[WORK REQUEST] Word-for-word transcription: reproduce all of the data, but not the pictures.

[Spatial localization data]
━━━━━━━━

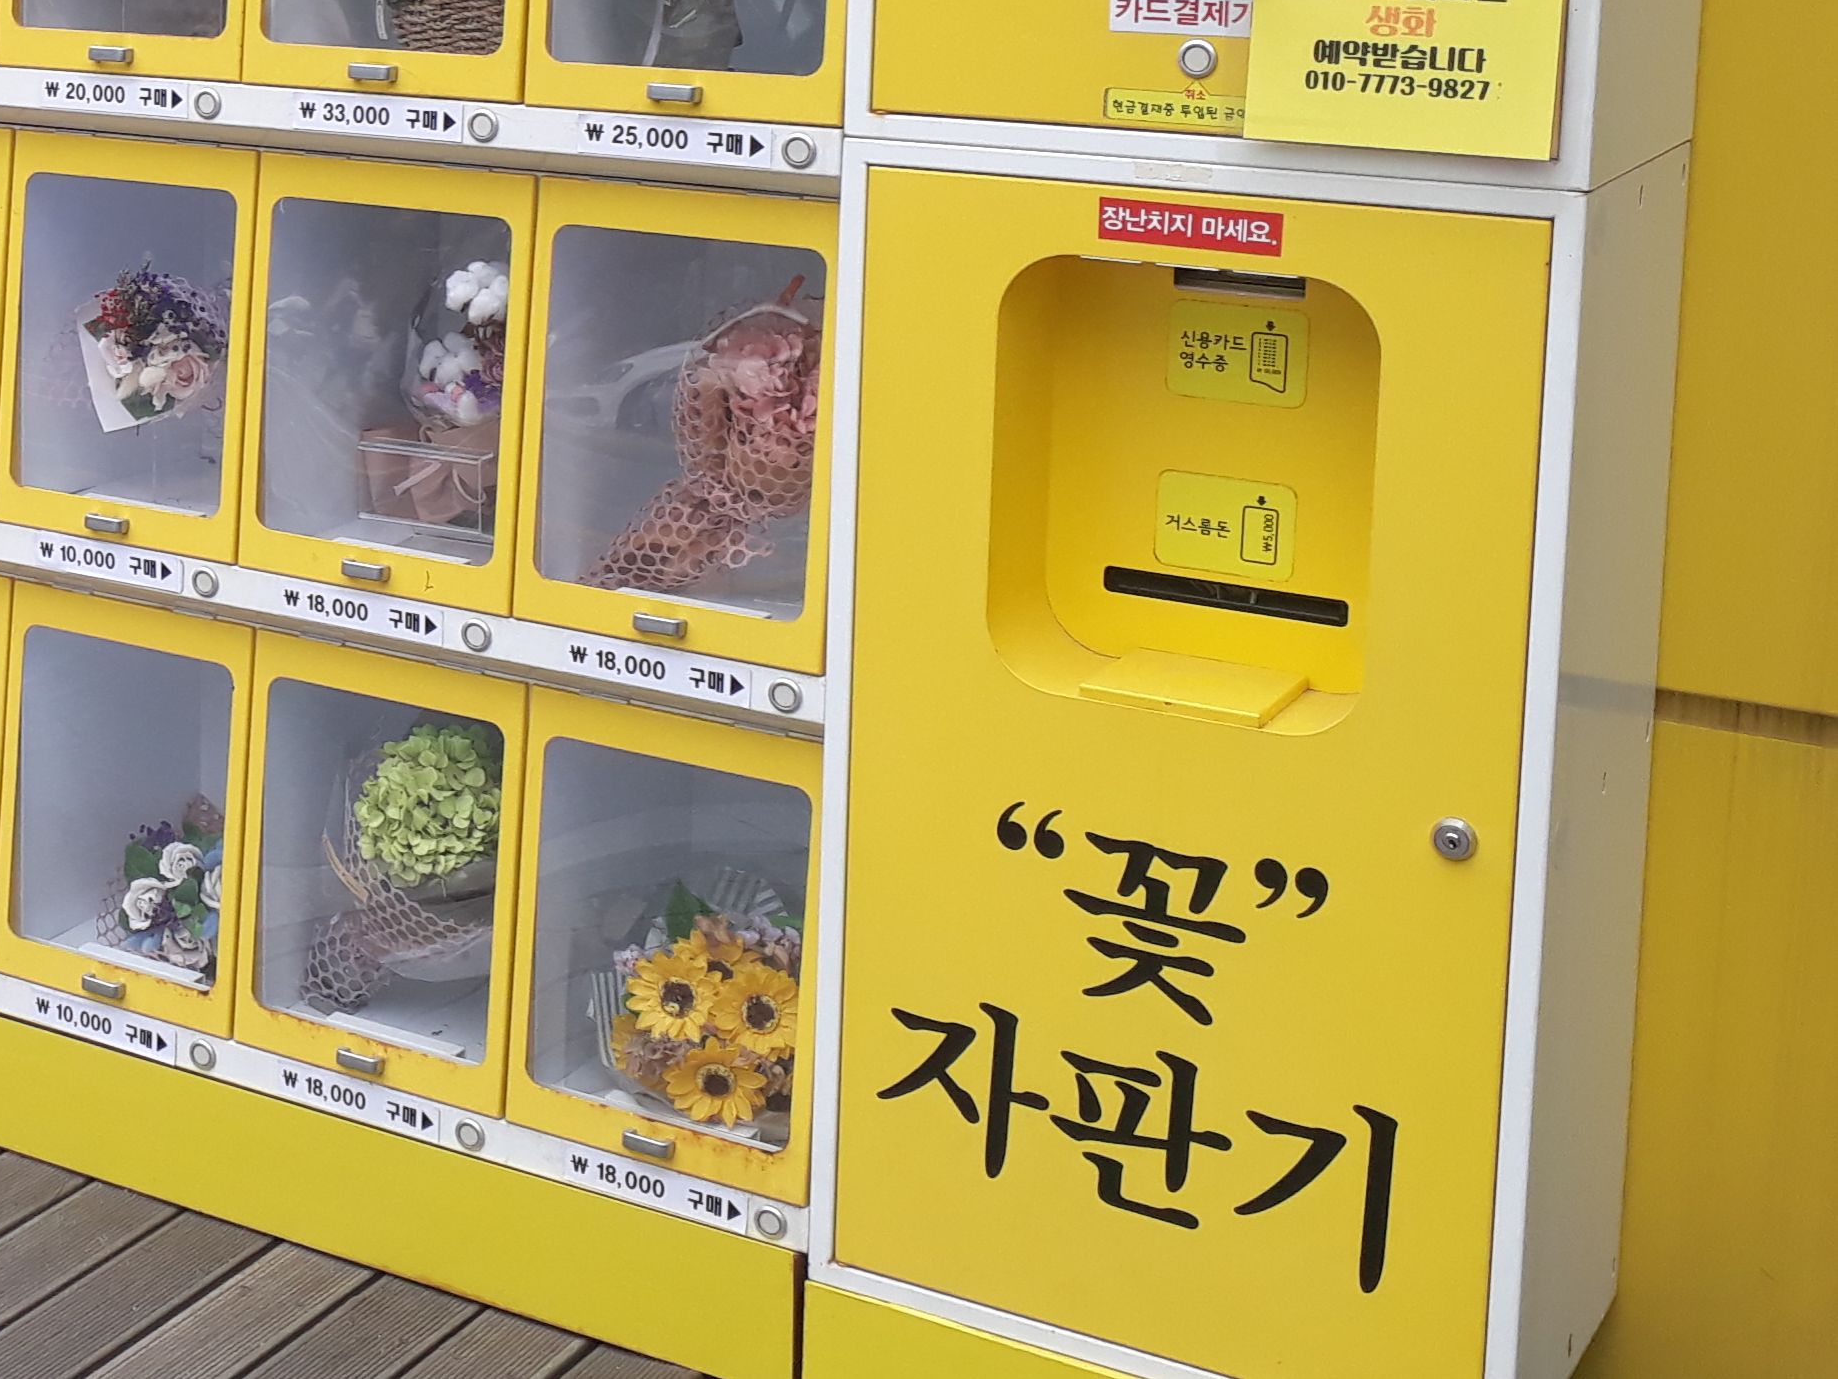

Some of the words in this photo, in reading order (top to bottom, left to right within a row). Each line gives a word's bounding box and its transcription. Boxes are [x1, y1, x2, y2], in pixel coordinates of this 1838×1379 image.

[1365, 5, 1436, 38] 생화
[1313, 39, 1486, 73] 예약받습니다
[45, 81, 61, 97] ₩
[65, 82, 125, 104] 20,000
[139, 87, 168, 108] 구매
[1184, 89, 1206, 101] 취소
[1305, 70, 1490, 100] 010-7773-9827
[298, 102, 317, 119] ₩
[322, 102, 391, 127] 33,000
[405, 109, 438, 132] 구매
[1180, 104, 1218, 120] 투입된
[584, 123, 605, 141] ₩
[611, 124, 689, 150] 25,000
[705, 132, 743, 157] 구매
[1102, 205, 1193, 239] 장난치지
[1201, 216, 1277, 246] 마세요.
[1181, 330, 1247, 352] 신용카드
[1179, 350, 1229, 372] 영수증
[1165, 514, 1230, 539] 거스름돈
[39, 541, 54, 558] ₩
[59, 544, 116, 570] 10,000
[129, 557, 157, 579] 구매
[283, 589, 300, 607] ₩
[306, 593, 369, 622] 18,000
[389, 608, 420, 635] 구매
[568, 645, 588, 663] ₩
[595, 650, 666, 680] 18,000
[689, 667, 725, 694] 구매
[36, 996, 51, 1015] ₩
[56, 1003, 112, 1035] 10,000
[125, 1024, 153, 1048] 구매
[282, 1069, 300, 1087] ₩
[305, 1076, 367, 1111] 18,000
[385, 1100, 417, 1129] 구매
[877, 1002, 1397, 1294] 자판기
[570, 1153, 590, 1174] ₩
[596, 1162, 666, 1199] 18,000
[686, 1188, 722, 1216] 구매
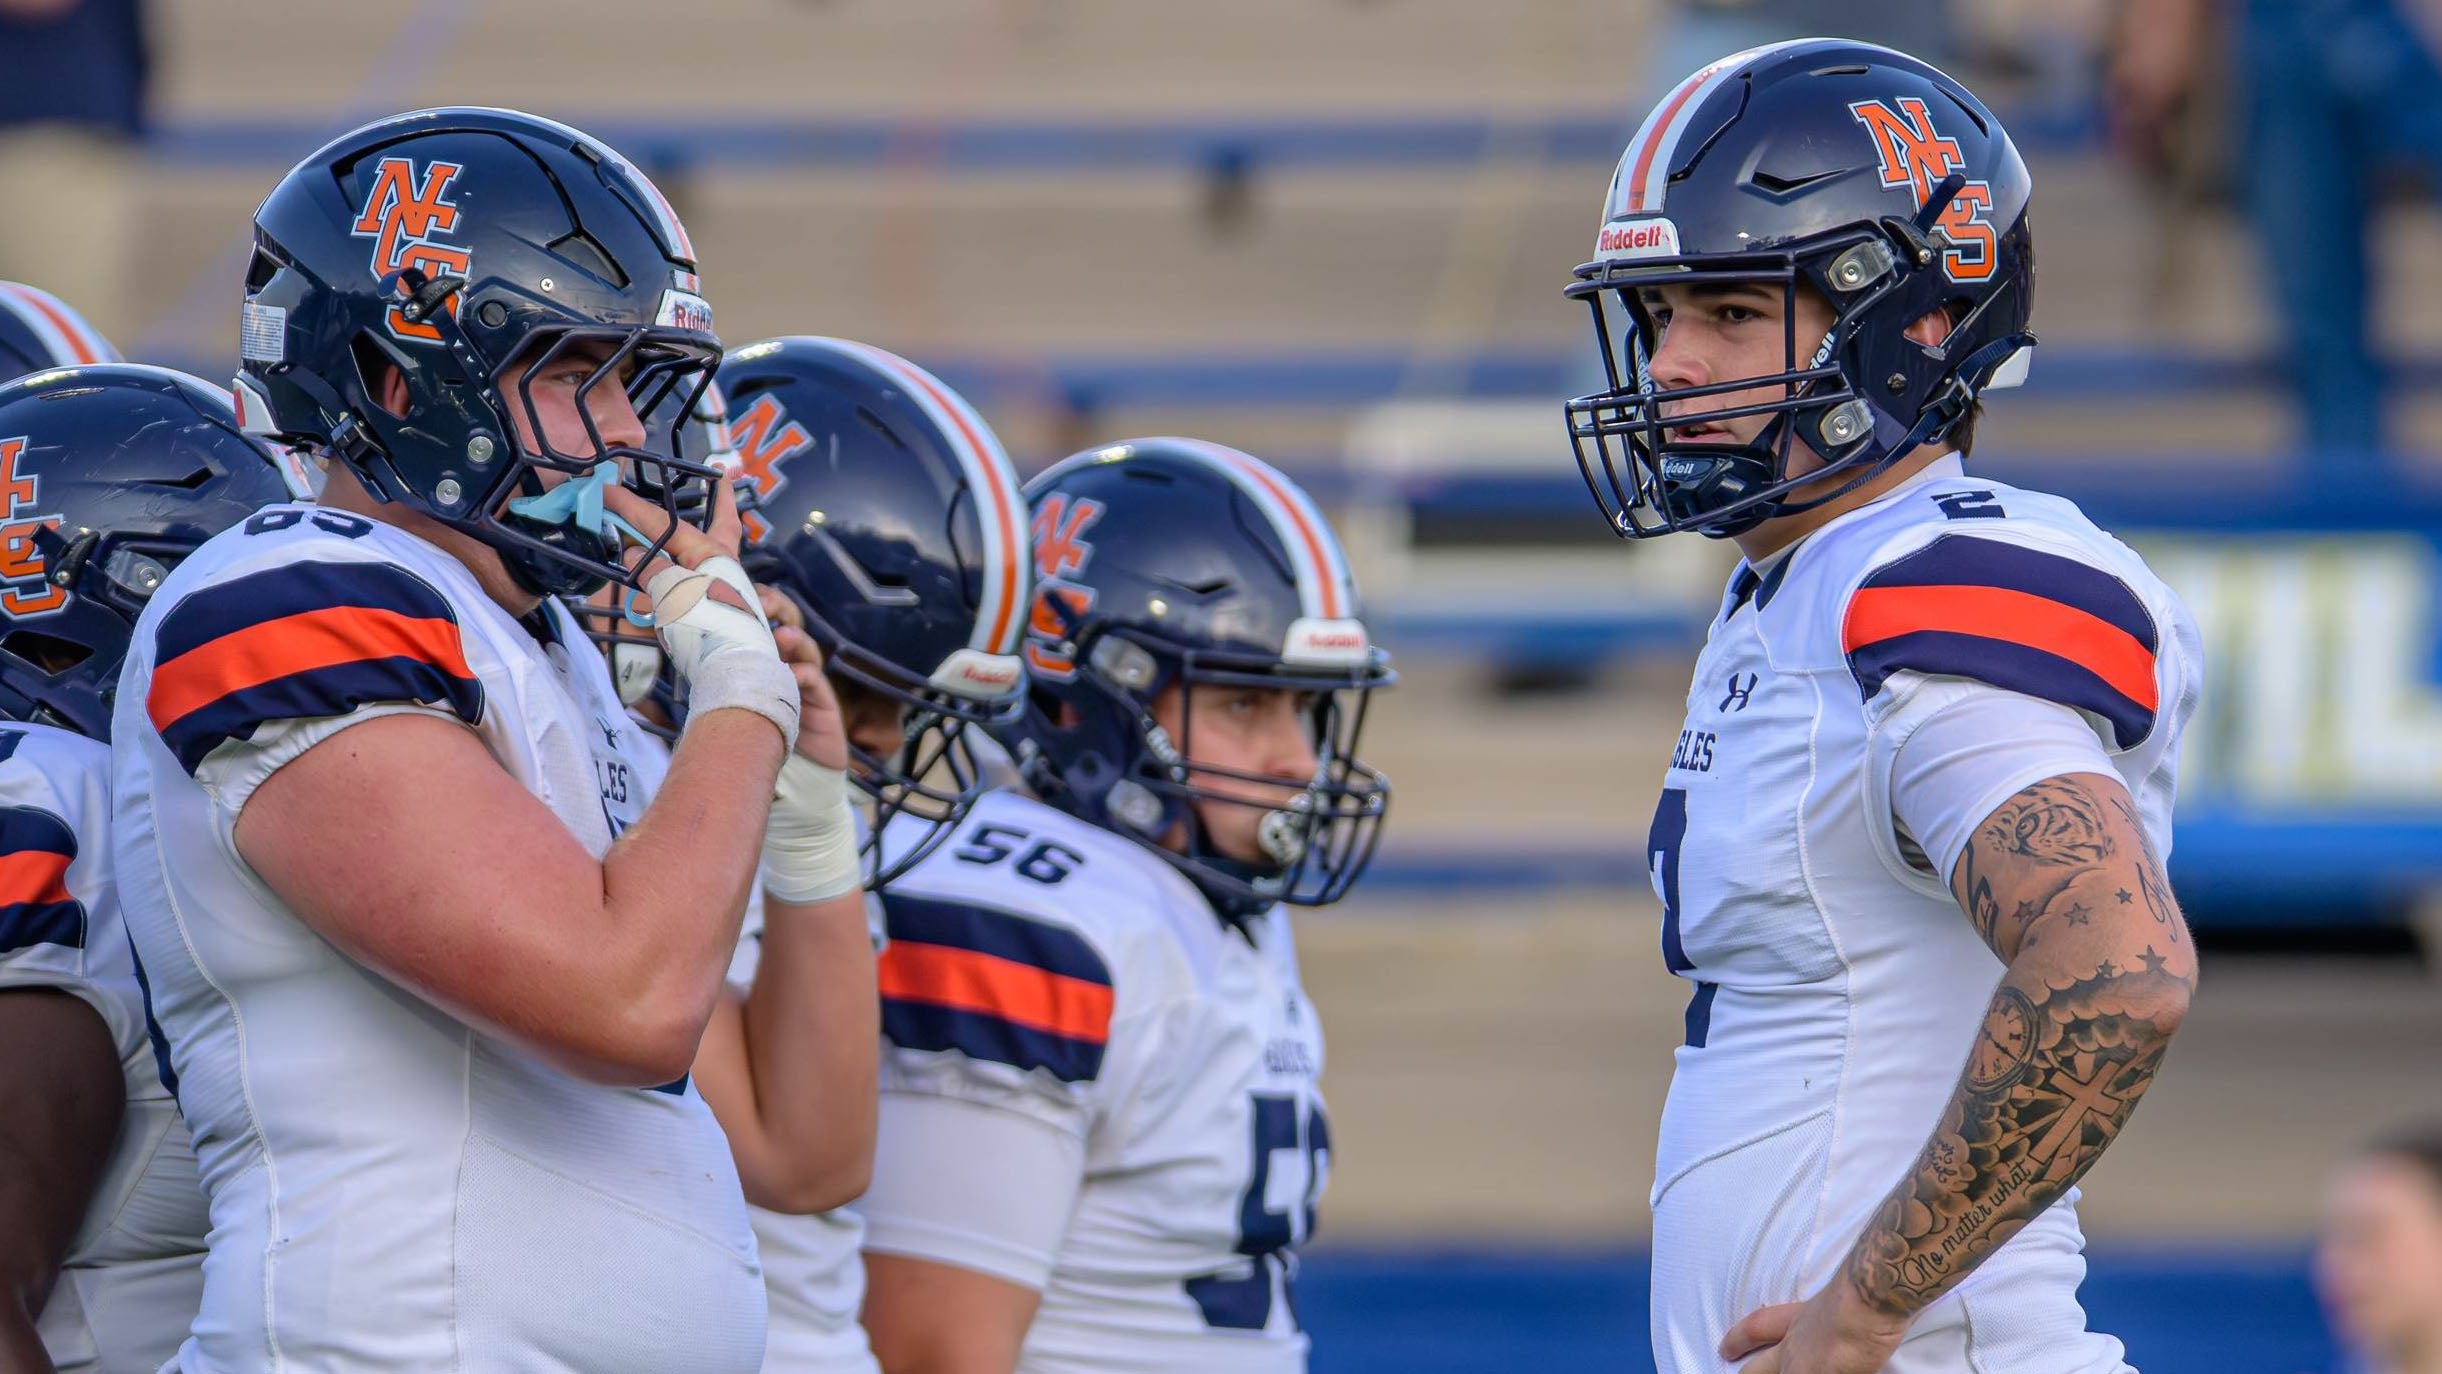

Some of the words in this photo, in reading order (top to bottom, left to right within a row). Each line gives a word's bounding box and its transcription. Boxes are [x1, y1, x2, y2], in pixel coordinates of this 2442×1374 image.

━━━━━━━━

[SOLUTION TO THE PROBLEM]
Some of the words in this photo, in reading order (top to bottom, left to right within a row). Each line gives a word's bounding box and its transcription. Boxes are [x1, y1, x2, y2], in pixel coordinates of this 1838×1379 image.

[1365, 5, 1436, 38] 생화
[1313, 39, 1486, 73] 예약받습니다
[45, 81, 61, 97] ₩
[65, 82, 125, 104] 20,000
[139, 87, 168, 108] 구매
[1184, 89, 1206, 101] 취소
[1305, 70, 1490, 100] 010-7773-9827
[298, 102, 317, 119] ₩
[322, 102, 391, 127] 33,000
[405, 109, 438, 132] 구매
[1180, 104, 1218, 120] 투입된
[584, 123, 605, 141] ₩
[611, 124, 689, 150] 25,000
[705, 132, 743, 157] 구매
[1102, 205, 1193, 239] 장난치지
[1201, 216, 1277, 246] 마세요.
[1181, 330, 1247, 352] 신용카드
[1179, 350, 1229, 372] 영수증
[1165, 514, 1230, 539] 거스름돈
[39, 541, 54, 558] ₩
[59, 544, 116, 570] 10,000
[129, 557, 157, 579] 구매
[283, 589, 300, 607] ₩
[306, 593, 369, 622] 18,000
[389, 608, 420, 635] 구매
[568, 645, 588, 663] ₩
[595, 650, 666, 680] 18,000
[689, 667, 725, 694] 구매
[36, 996, 51, 1015] ₩
[56, 1003, 112, 1035] 10,000
[125, 1024, 153, 1048] 구매
[282, 1069, 300, 1087] ₩
[305, 1076, 367, 1111] 18,000
[385, 1100, 417, 1129] 구매
[877, 1002, 1397, 1294] 자판기
[570, 1153, 590, 1174] ₩
[596, 1162, 666, 1199] 18,000
[686, 1188, 722, 1216] 구매

Some of the words in this photo, in reading order (top to bottom, left to right within a row). Each line gives a word's bounding box and its transcription. Boxes are [x1, y1, x2, y2], in pixel coordinates of this 2442×1374 image.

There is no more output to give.